[DATA FOR REVIEW]

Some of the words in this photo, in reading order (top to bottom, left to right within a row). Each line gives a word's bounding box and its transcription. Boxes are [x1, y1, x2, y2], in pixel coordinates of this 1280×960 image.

[/DATA FOR REVIEW]
[DATA FOR REVIEW]

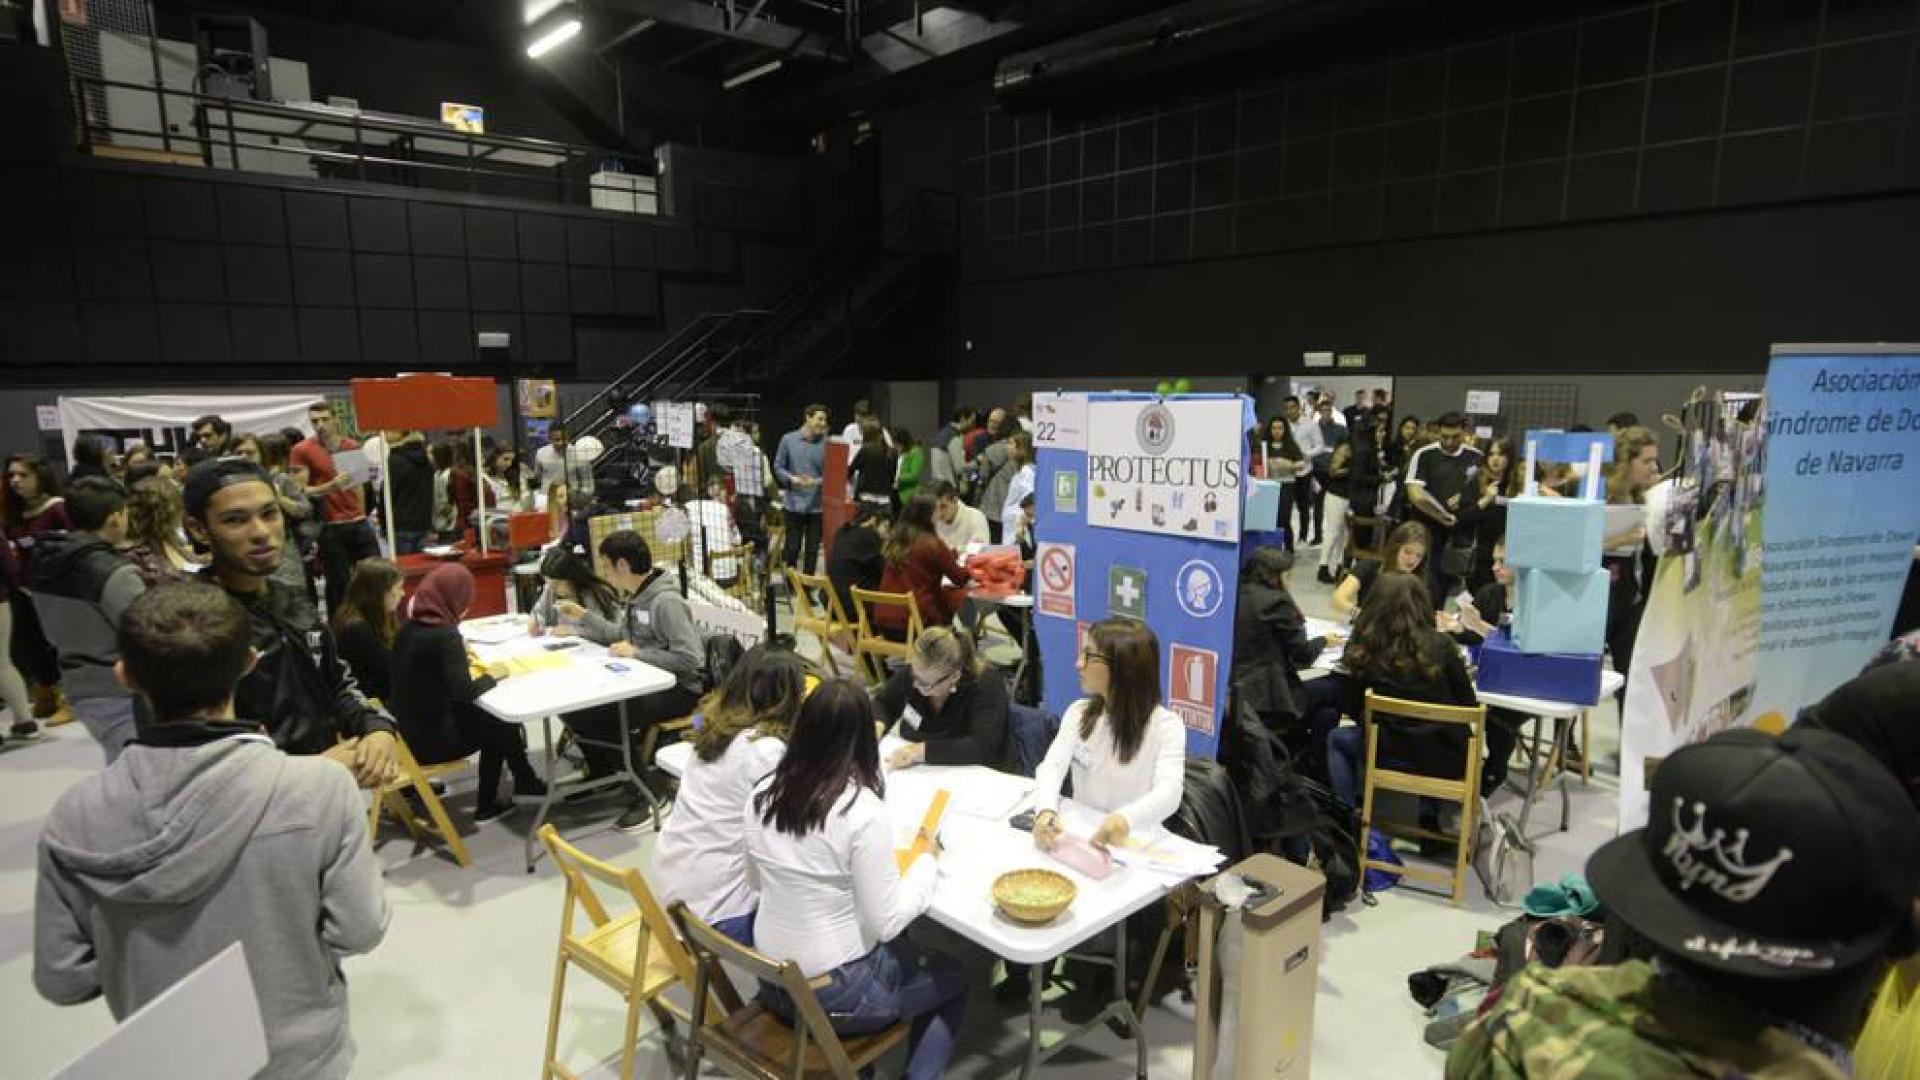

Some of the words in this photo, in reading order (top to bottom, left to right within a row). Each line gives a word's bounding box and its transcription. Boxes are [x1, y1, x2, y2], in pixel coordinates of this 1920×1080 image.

[/DATA FOR REVIEW]
[DATA FOR REVIEW]

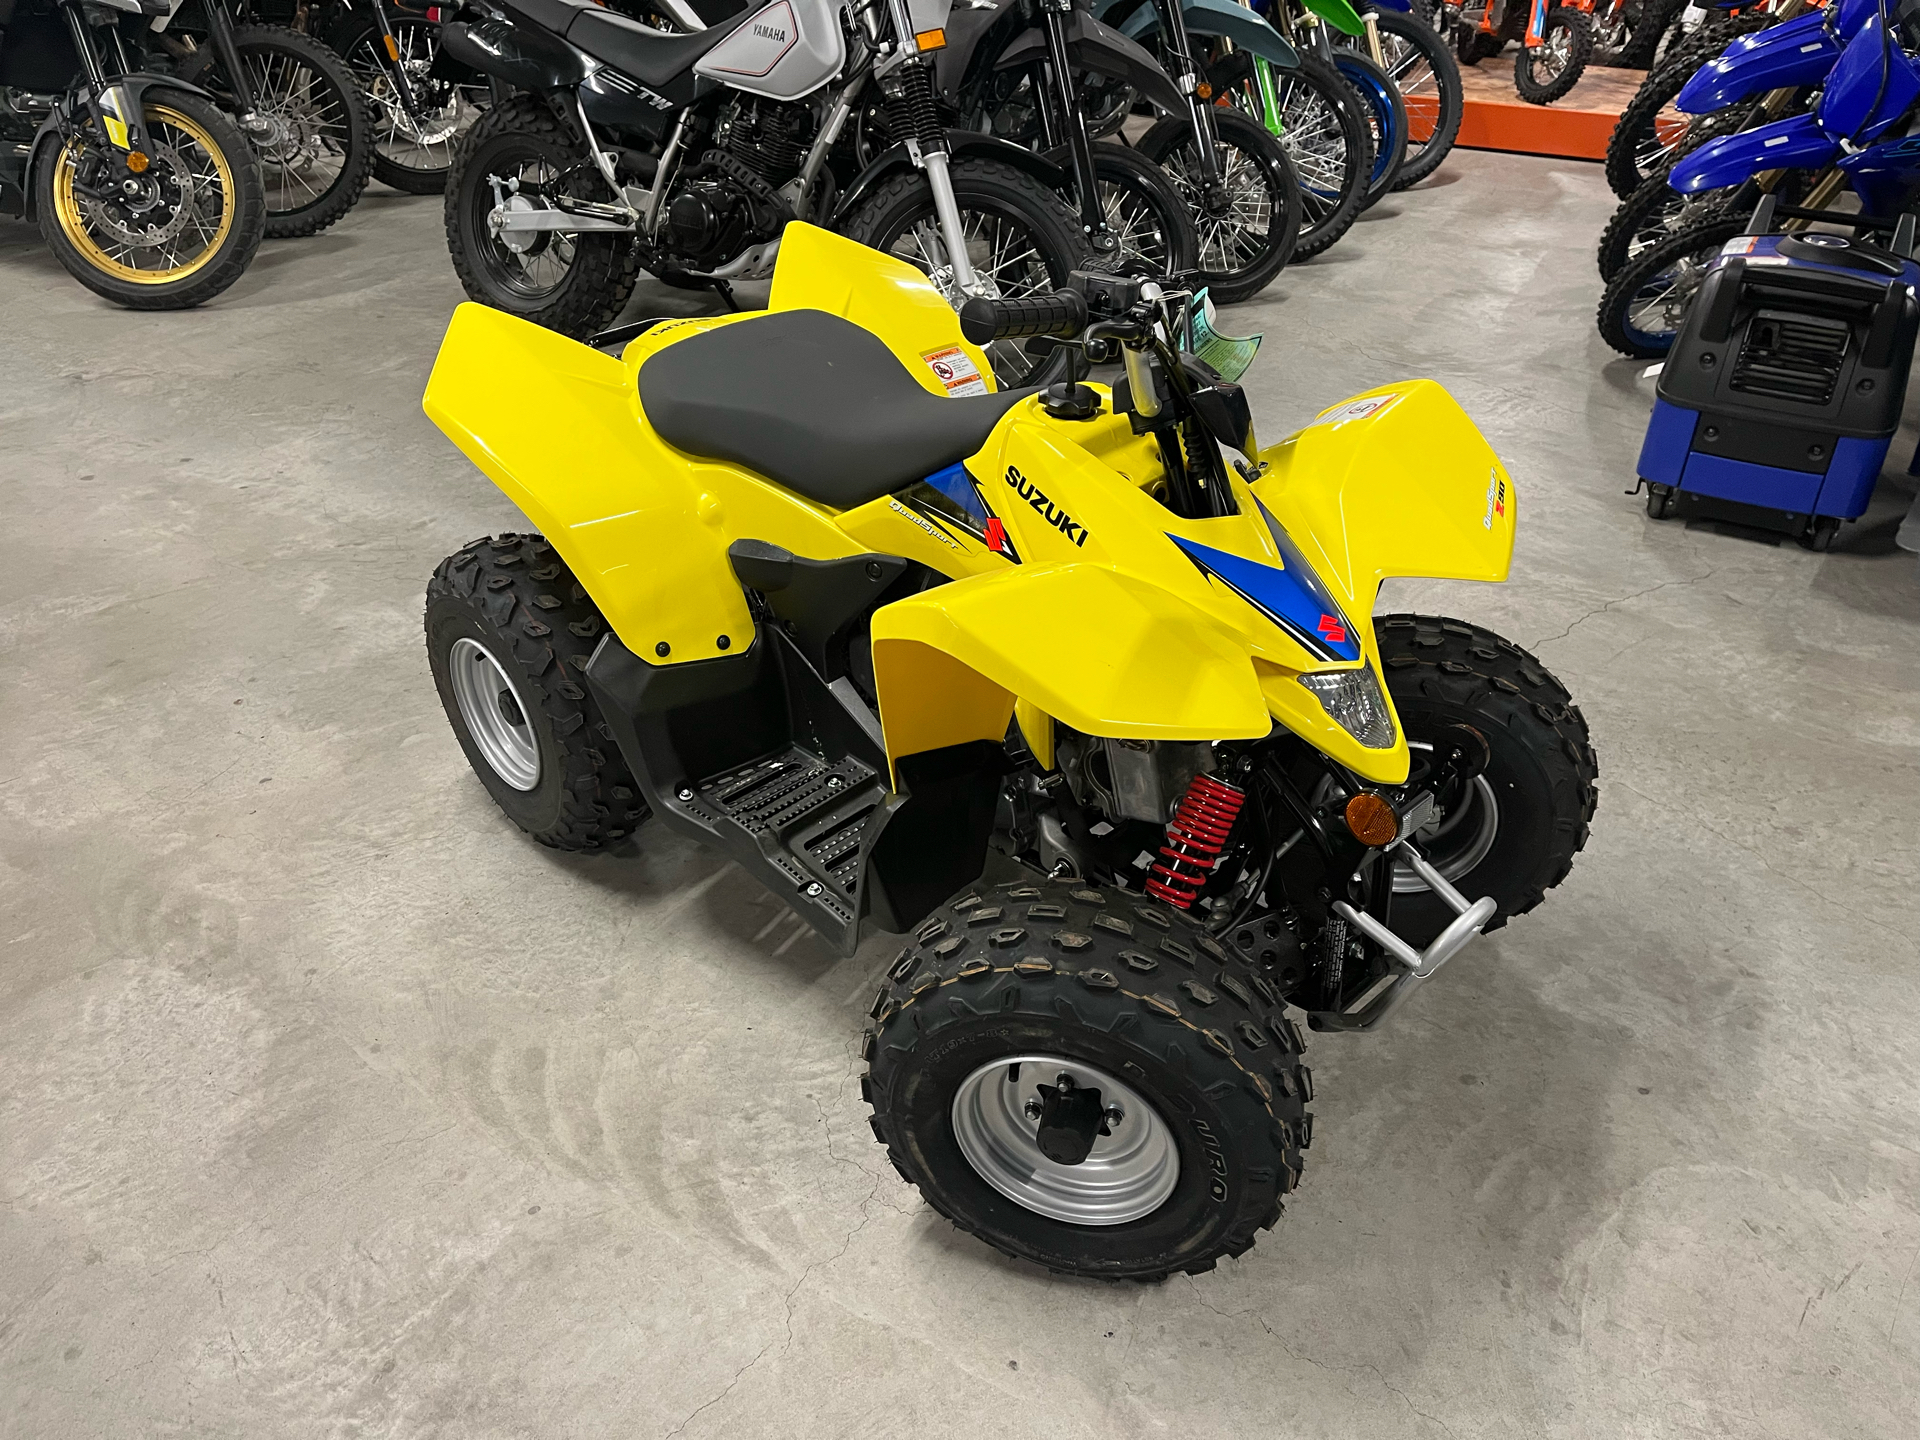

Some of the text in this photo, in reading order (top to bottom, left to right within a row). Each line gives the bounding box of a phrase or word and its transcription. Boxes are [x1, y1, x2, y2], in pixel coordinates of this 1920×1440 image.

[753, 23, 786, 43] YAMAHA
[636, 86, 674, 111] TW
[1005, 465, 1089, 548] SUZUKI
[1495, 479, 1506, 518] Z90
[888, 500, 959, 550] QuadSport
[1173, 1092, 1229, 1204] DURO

[/DATA FOR REVIEW]

**ASSIGNMENT**
For this task, copy every line of the material in which "words" appears.

**WORKED SOLUTION**
Some of the words in this photo, in reading order (top to bottom, left to right within a row). Each line gives a word's bounding box and its transcription. Boxes are [x1, y1, x2, y2], in pixel coordinates of this 1280×960 image.
Some of the words in this photo, in reading order (top to bottom, left to right within a row). Each line gives a word's bounding box and its transcription. Boxes are [x1, y1, x2, y2], in pixel coordinates of this 1920×1080 image.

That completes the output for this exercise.